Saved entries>
· · · · ·

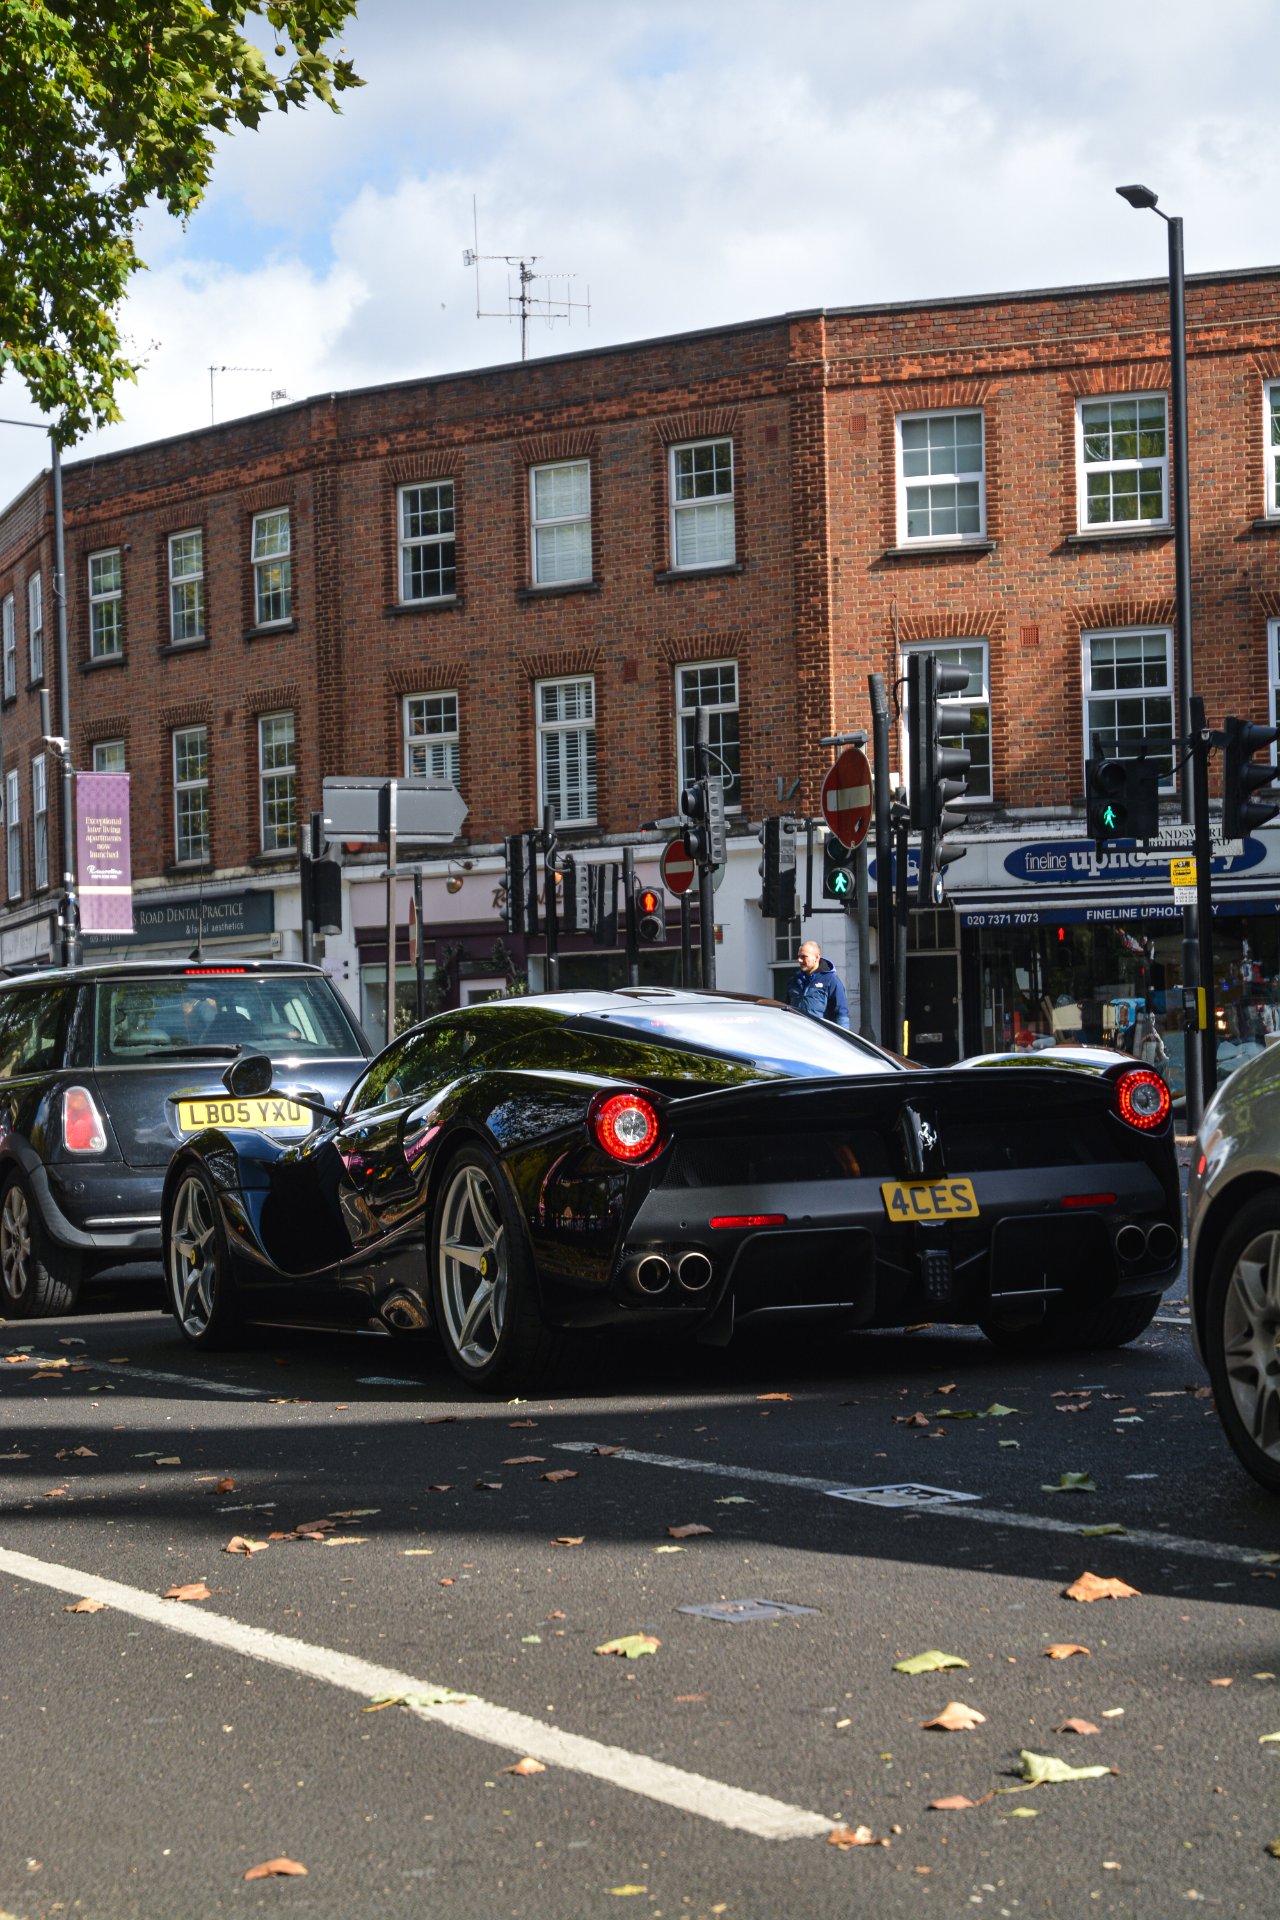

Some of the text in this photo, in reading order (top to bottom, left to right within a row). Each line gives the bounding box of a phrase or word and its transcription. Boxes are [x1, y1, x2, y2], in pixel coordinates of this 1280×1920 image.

[85, 816, 122, 826] Exceptional
[87, 825, 121, 833] later living
[85, 835, 122, 843] apartments
[89, 850, 119, 859] launched
[1025, 851, 1067, 871] fineline
[140, 911, 164, 925] ROAD
[167, 907, 200, 922] DENTAL
[202, 903, 244, 919] PRACTICE
[967, 912, 1039, 926] 020 7371 7073
[1086, 908, 1138, 920] FINELINE
[191, 923, 209, 934] faal
[211, 922, 244, 933] aesthetics
[189, 1102, 251, 1125] LB05
[891, 1184, 973, 1216] 4CES

· · · · ·

Exercise objective> Apart from the pictures, all of the data should be repeated exactly.

Exercise response>
Some of the text in this photo, in reading order (top to bottom, left to right within a row). Each line gives the bounding box of a phrase or word and its transcription. Boxes are [x1, y1, x2, y2], in pixel coordinates of this 1280×1920 image.

[85, 816, 122, 826] Exceptional
[87, 825, 121, 833] later living
[85, 835, 122, 843] apartments
[89, 850, 119, 859] launched
[1025, 851, 1067, 871] fineline
[140, 911, 164, 925] ROAD
[167, 907, 200, 922] DENTAL
[202, 903, 244, 919] PRACTICE
[967, 912, 1039, 926] 020 7371 7073
[1086, 908, 1138, 920] FINELINE
[191, 923, 209, 934] faal
[211, 922, 244, 933] aesthetics
[189, 1102, 251, 1125] LB05
[891, 1184, 973, 1216] 4CES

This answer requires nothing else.